Well, gee willickers, if only someone had predicted that this would occur.

It is clear, however, that Congress should strengthen the marketplaces to ensure sufficient competition. For example, it could encourage more healthy people to buy insurance by extending tax credits to families that now earn too much to qualify. Many of those people find it cheaper to pay the tax penalty for not having insurance than to buy it. If more healthy people participated, more insurers would want to be on the exchanges. Congress and state governments could also consider offering a government insurance plan in rural areas and other places where there is little or no competition, as President Obama and Hillary Clinton have proposed.
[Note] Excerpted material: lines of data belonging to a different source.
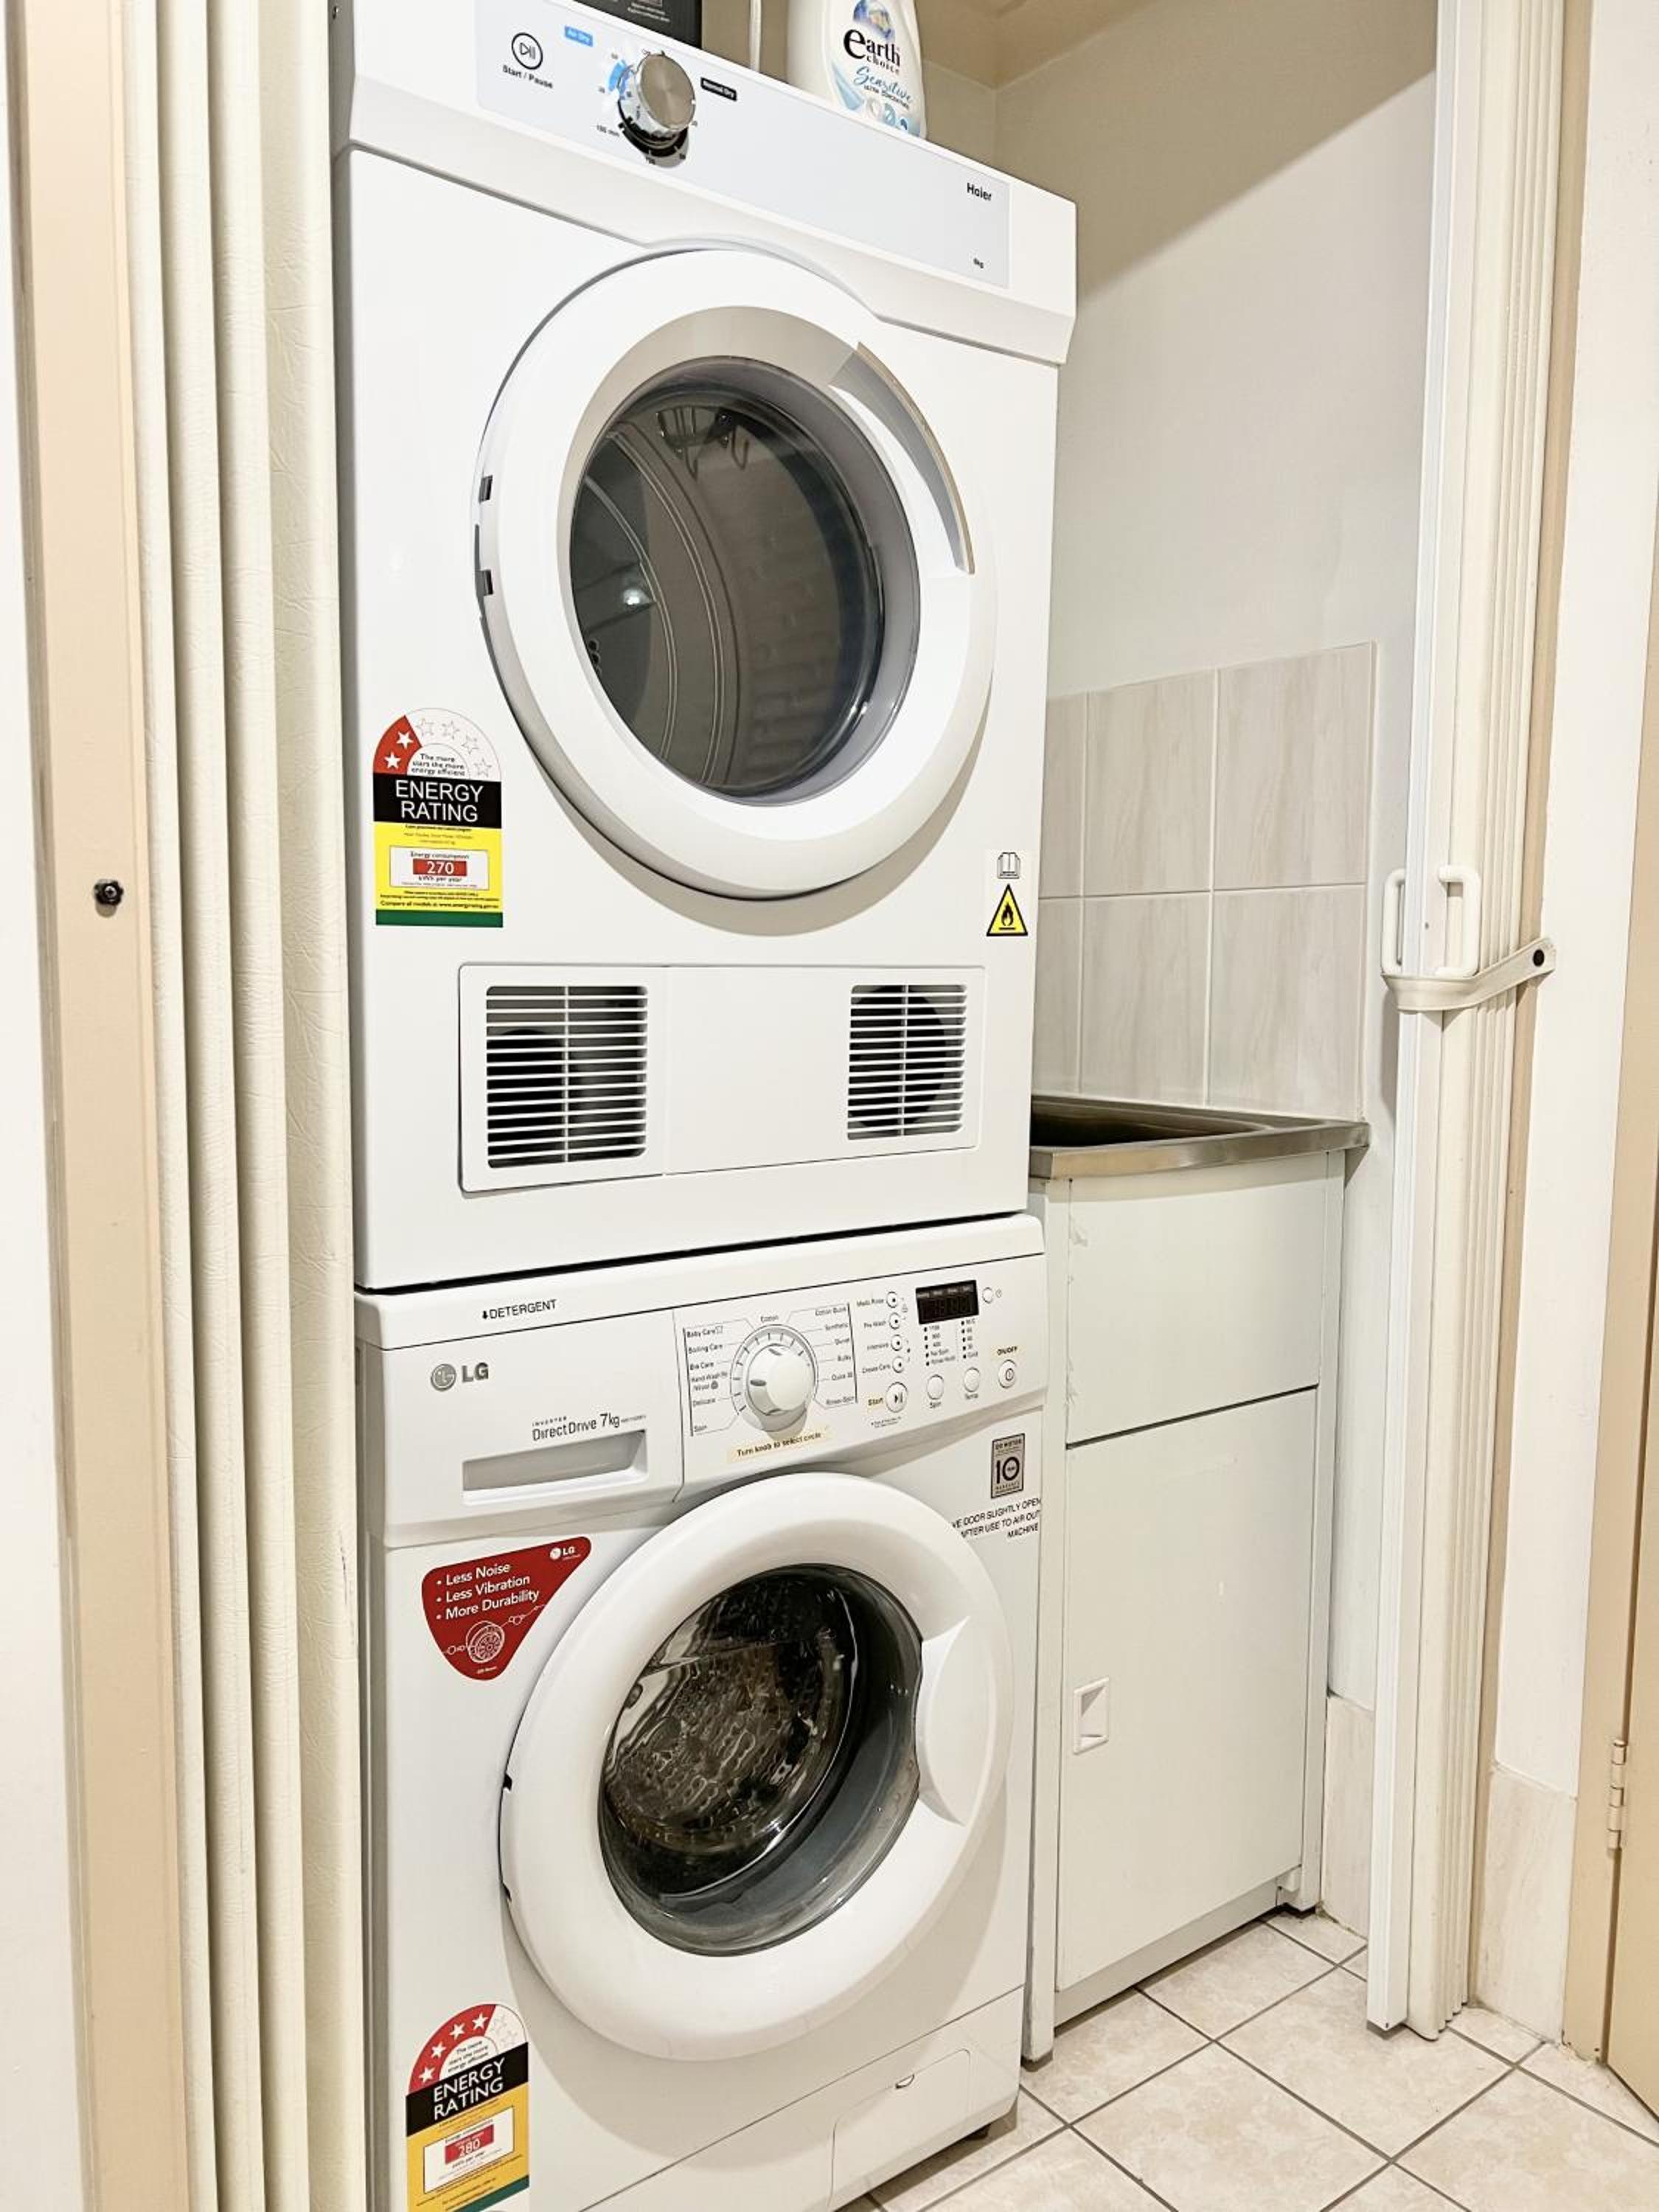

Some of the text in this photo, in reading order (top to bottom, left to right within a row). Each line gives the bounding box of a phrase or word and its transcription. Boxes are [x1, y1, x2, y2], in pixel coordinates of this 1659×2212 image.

[843, 29, 900, 67] earth
[503, 64, 522, 78] Start
[529, 73, 553, 88] Pause
[853, 66, 913, 102] Sensitive
[967, 182, 992, 201] Haier
[420, 753, 434, 761] The
[395, 779, 484, 803] ENERGY
[400, 800, 479, 823] RATING
[426, 860, 455, 875] 270
[490, 1299, 557, 1319] DETERGENT
[462, 1363, 489, 1382] LG
[868, 1397, 884, 1406] Start
[599, 1413, 620, 1428] 7kg
[737, 1447, 754, 1457] Turn
[755, 1442, 773, 1453] knob
[773, 1440, 782, 1448] to
[782, 1435, 803, 1446] select
[996, 1456, 1020, 1484] 10
[963, 1512, 986, 1526] DOOR
[986, 1503, 1021, 1520] SLIGHTLY
[984, 1521, 1001, 1533] USE
[1001, 1518, 1012, 1527] TO
[1012, 1514, 1026, 1525] AIR
[1007, 1523, 1039, 1538] MACHINE
[563, 1545, 575, 1556] LG
[445, 1563, 512, 1586] Less Noise
[445, 1576, 531, 1604] Less Vibration
[445, 1589, 540, 1620] More Durability
[434, 2057, 505, 2103] ENERGY
[434, 2076, 504, 2121] RATING
[457, 2138, 481, 2157] 280
Let’s see: giving tax credits which aren’t paid for to increase coverage. I guess the stick of fining people for being citizens hasn’t worked. Getting healthy people to participate? I guess threatening them with fines for being citizens isn’t working. And, then, of course, a cute little way to slip in single payer, ie, government run healthcare.
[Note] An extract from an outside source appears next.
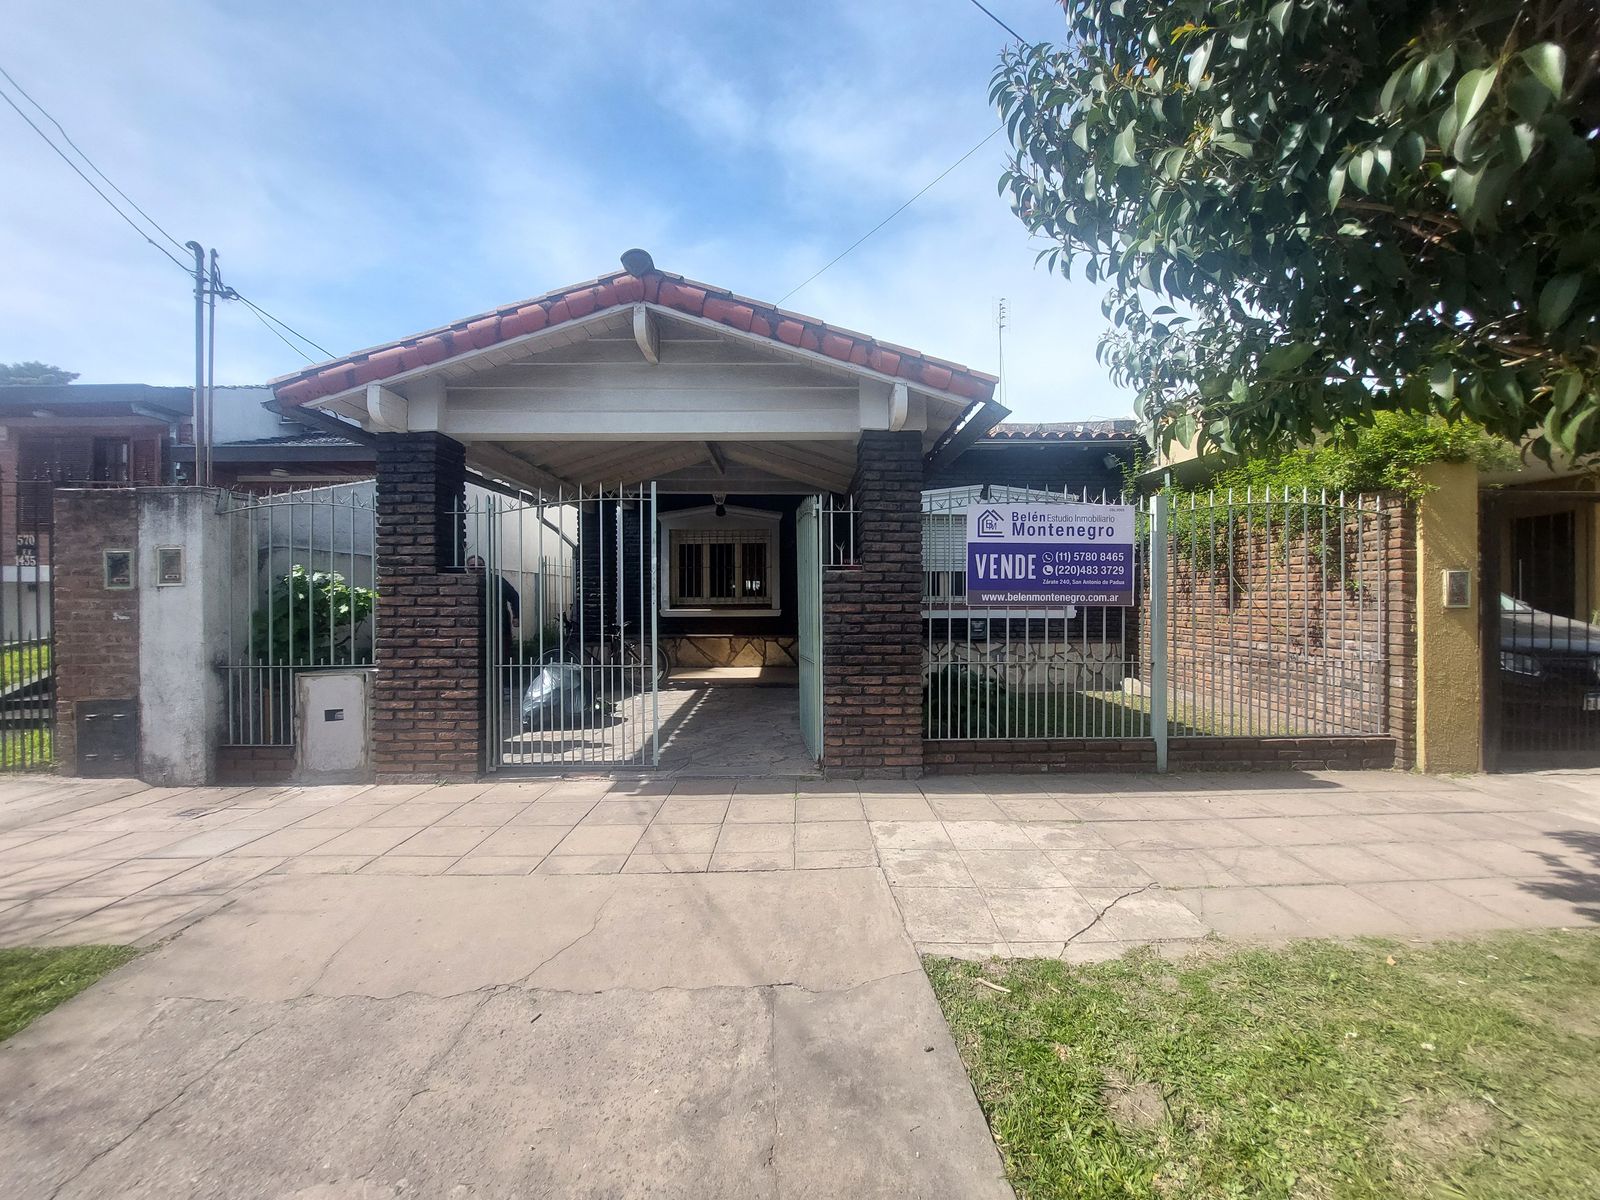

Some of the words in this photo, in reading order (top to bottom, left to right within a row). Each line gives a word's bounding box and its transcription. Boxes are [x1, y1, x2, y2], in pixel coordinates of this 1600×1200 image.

BTW, Hillary and others are pimping the public option, also known as single payer, ie, government run healthcare, as well.
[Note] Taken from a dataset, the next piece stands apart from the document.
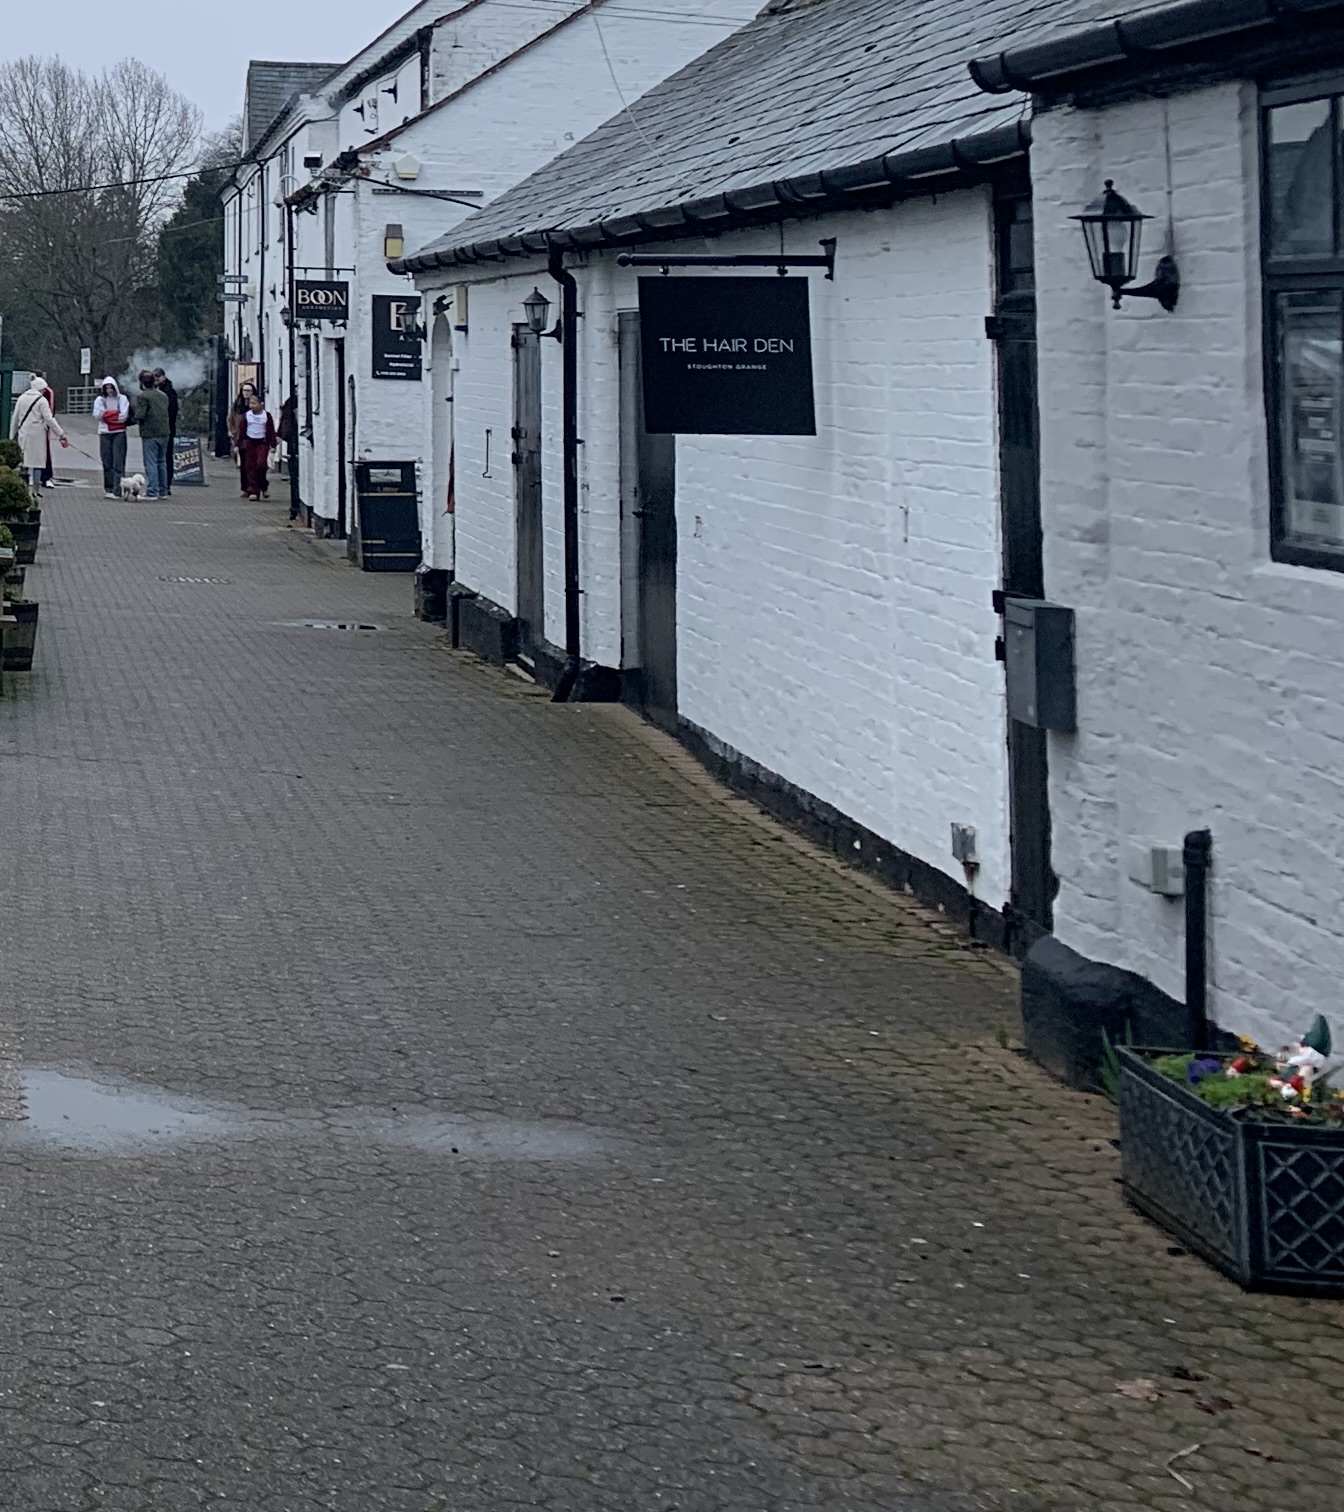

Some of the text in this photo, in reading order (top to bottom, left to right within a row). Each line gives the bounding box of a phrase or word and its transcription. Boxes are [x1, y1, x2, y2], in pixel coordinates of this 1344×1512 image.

Any law as complex and comprehensive as the Affordable Care Act is bound to have some hiccups. The only sensible response to those problems is to improve the law.

Any law that is this complicated and intrusive, written by interest groups and far left ideologues, which was not read by the majority of those who voted to pass it, and gave the Executive Branch tons of new powers and leeway to create powers doesn’t need improvement: it needs to be scrapped and replaced with sensible measures that, at worst, create hiccups. Insurance providers fleeing the marketplace is not a hiccup: it’s a disaster. One that was predicted, but a disaster nonetheless, especially when it’s paired with things like reduced medical facility coverage, coops collapsing, and jobs being reduced. Deductibles were already high, and premiums continue to go up up up. The money insurance providers receive from the federal government, ie, corporate welfare, to keep prices low(ish) ends in 2017. Repealing and replacing Ocare at this point of operation would be difficult, but, it can still be done.